The analysis, published in the June 20 issue of the journal Contemporary Economic Policy, is the first to look at the net costs to society of terrorism-induced smoking in the United States after 9/11 and the 1995 Oklahoma City bombing.

“This helps us better understand what the real costs of such disasters are in human and economic tolls, and it suggests ways that such future stressful reactions that result in excess smoking might be avoided,” says the study’s author, Dr. Michael F. Pesko, an instructor in WCMC’s Department of Public Health. While the Oklahoma City bombing didn’t affect U.S. smoking rates, Pesko says, he suggests that 9/11 caused a significant 2.3 percent increase nationwide up through the end of 2003, when analysis of the data ended.
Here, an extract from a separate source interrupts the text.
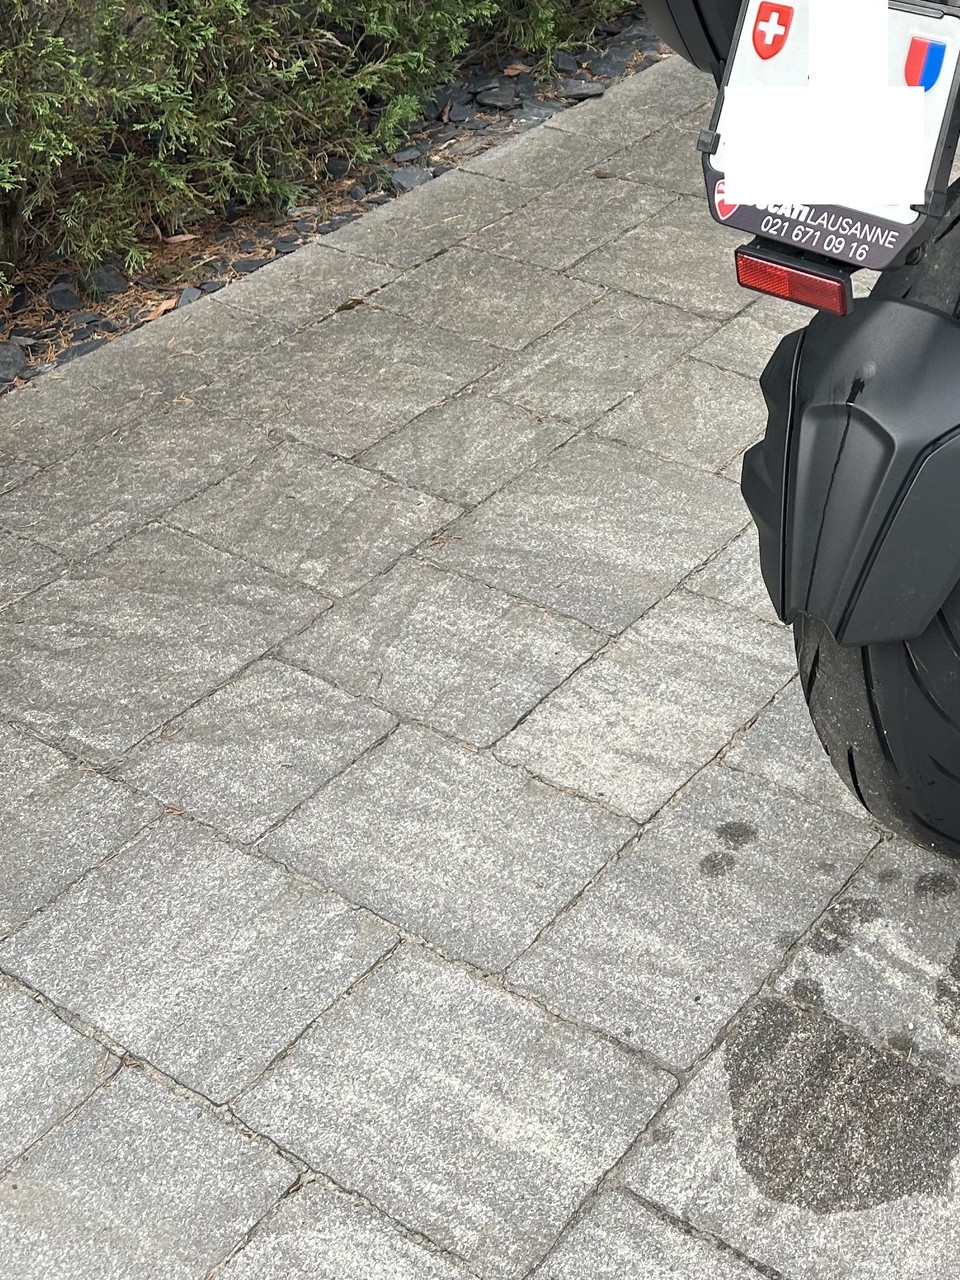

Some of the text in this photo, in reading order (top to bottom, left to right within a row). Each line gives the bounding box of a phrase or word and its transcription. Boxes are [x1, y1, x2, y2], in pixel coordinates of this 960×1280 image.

[760, 215, 870, 261] 021 671 09 16
[806, 207, 900, 249] LAUSANNE
Self-reported stress was also found to especially increase in communities with a higher concentration of active-duty and reserve military members and among higher educated groups. The increase in stress following 9/11 was found to account for all of the increase in smoking.

“This study provides the first unbiased estimate of the effect of stress on smoking, and the finding that there was such a big increase in smoking nationwide, seemingly due to one event, is extraordinary and surprising,” says Pesko. “It sheds light on a hidden cost of terrorism.”

He continues, “There is a consensus in the research community that stress is a very large motivator for individuals to use substances, but this has not really been studied very thoroughly.”

Pesko examined the two domestic terrorist attacks and data from the Behavioral Risk Factor Surveillance System, which tracks annual rates of risky personal behavior across the nation.  Since the same questions are asked yearly, responses can be compared over time, Pesko says. He examined self-reported days of stress and what he considers to be a bona fide stress response – whether former smokers begin smoking again.

 “I was really surprised to find that former smokers across the nation resumed their old habit,” Pesko says. “I was expecting to see impacts just in the New York City area – or, at most, the tri-state area.”

He estimated the cost to government of 9/11-induced smoking at $530 million to $830 million, and potentially higher if the smoking continued beyond 2003. These figures represent changes in the use of Medicare and Medicaid, productivity losses associated to illness from smoking and decreased tax revenue linked to lost work. The figure also takes into account increased tax revenue from cigarette purchases. The study findings suggest a potential public health response to future stress-inducing events, says Pesko. One possibility would be programs that offer free nicotine replacement therapy soon after the events, he suggests. “Another strategy would be to alert health professionals to do more substance abuse screening during regular medical appointments following terrorist attacks, or any such event that is likely to stress the nation,” he says.